WORK INSTRUCTIONS: Any images in the records should be skipped; transcribe the rest exactly.

EXERCISE DATA:
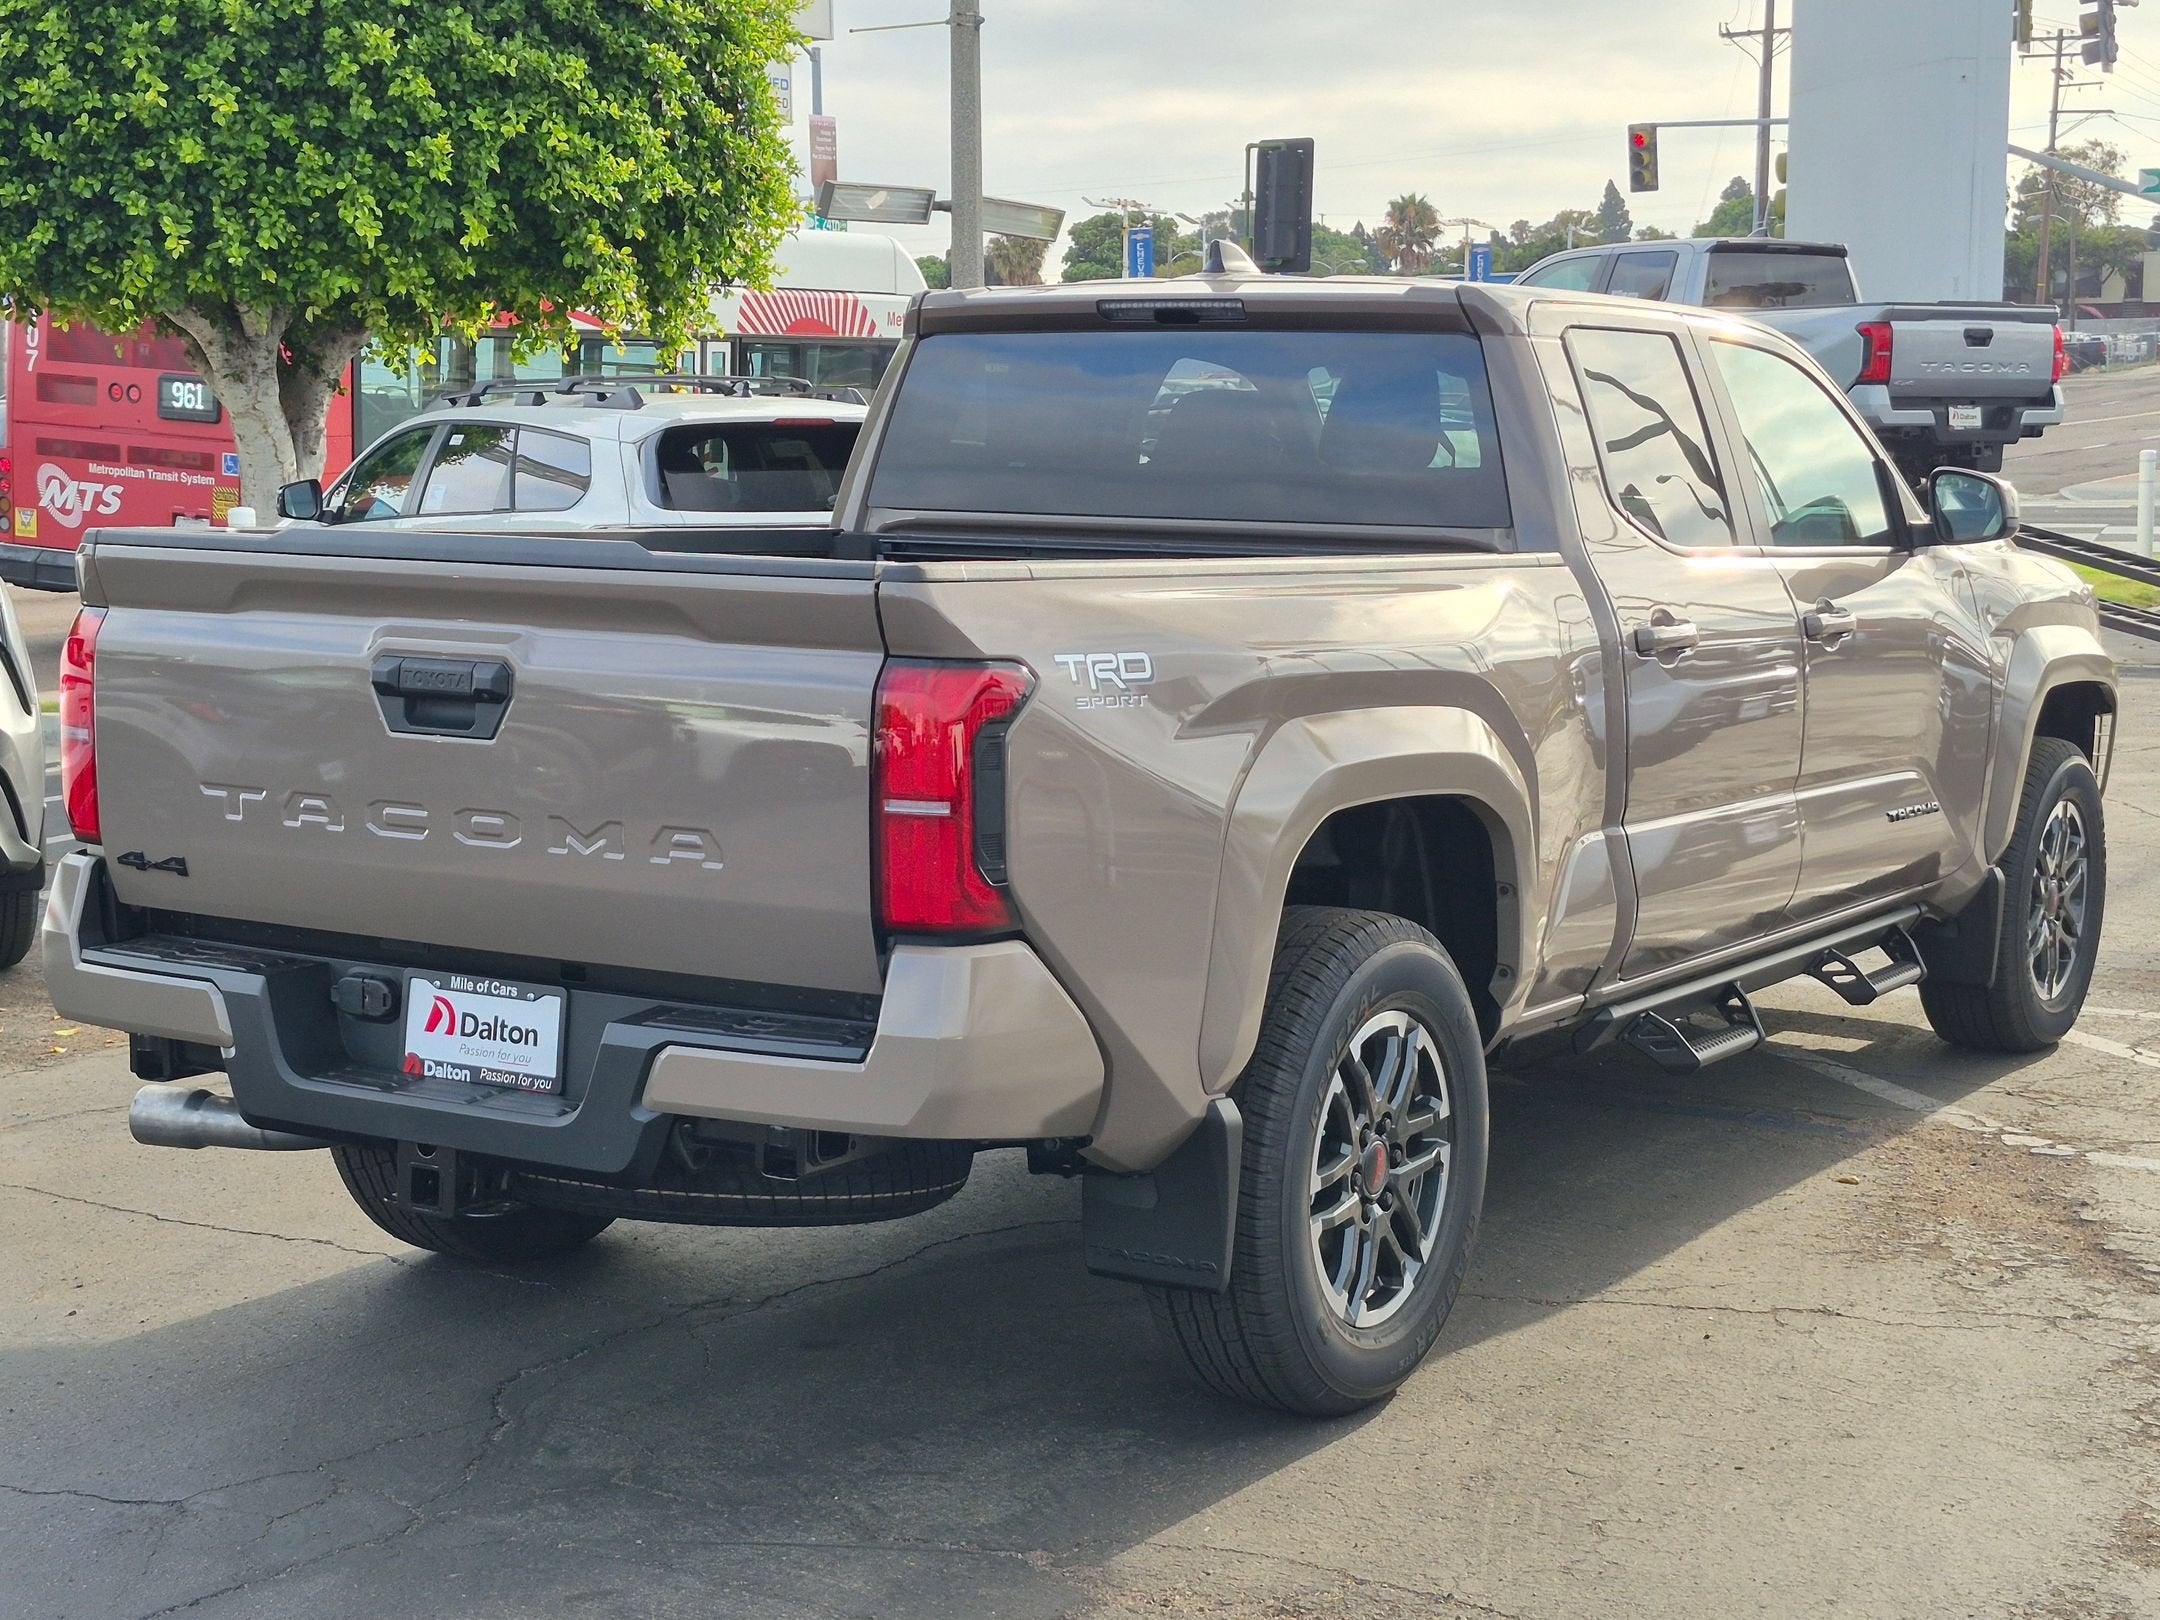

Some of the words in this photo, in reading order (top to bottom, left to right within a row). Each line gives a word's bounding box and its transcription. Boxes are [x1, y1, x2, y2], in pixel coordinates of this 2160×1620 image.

[887, 311, 904, 327] Me
[26, 309, 39, 371] 07
[1920, 362, 2030, 373] TACOMA
[171, 381, 204, 410] 961
[89, 463, 145, 478] Metropolitan
[147, 468, 179, 482] Transit
[181, 472, 215, 485] System
[38, 479, 125, 515] MTS
[403, 670, 466, 689] TOYOTA
[1053, 651, 1152, 690] TRD
[1076, 694, 1149, 709] SPORT
[199, 783, 725, 871] TACOMA
[450, 976, 474, 992] Mile
[476, 981, 490, 993] of
[491, 982, 518, 998] Cars
[460, 1011, 539, 1047] Dalton
[459, 1043, 495, 1059] Passion
[497, 1048, 511, 1061] for
[513, 1052, 532, 1064] you
[423, 1060, 471, 1083] Dalton
[479, 1068, 516, 1085] Passion
[517, 1073, 533, 1087] for
[533, 1078, 553, 1090] you

EXERCISE OUTPUT:
Some of the words in this photo, in reading order (top to bottom, left to right within a row). Each line gives a word's bounding box and its transcription. Boxes are [x1, y1, x2, y2], in pixel coordinates of this 2160×1620 image.

[887, 311, 904, 327] Me
[26, 309, 39, 371] 07
[1920, 362, 2030, 373] TACOMA
[171, 381, 204, 410] 961
[89, 463, 145, 478] Metropolitan
[147, 468, 179, 482] Transit
[181, 472, 215, 485] System
[38, 479, 125, 515] MTS
[403, 670, 466, 689] TOYOTA
[1053, 651, 1152, 690] TRD
[1076, 694, 1149, 709] SPORT
[199, 783, 725, 871] TACOMA
[450, 976, 474, 992] Mile
[476, 981, 490, 993] of
[491, 982, 518, 998] Cars
[460, 1011, 539, 1047] Dalton
[459, 1043, 495, 1059] Passion
[497, 1048, 511, 1061] for
[513, 1052, 532, 1064] you
[423, 1060, 471, 1083] Dalton
[479, 1068, 516, 1085] Passion
[517, 1073, 533, 1087] for
[533, 1078, 553, 1090] you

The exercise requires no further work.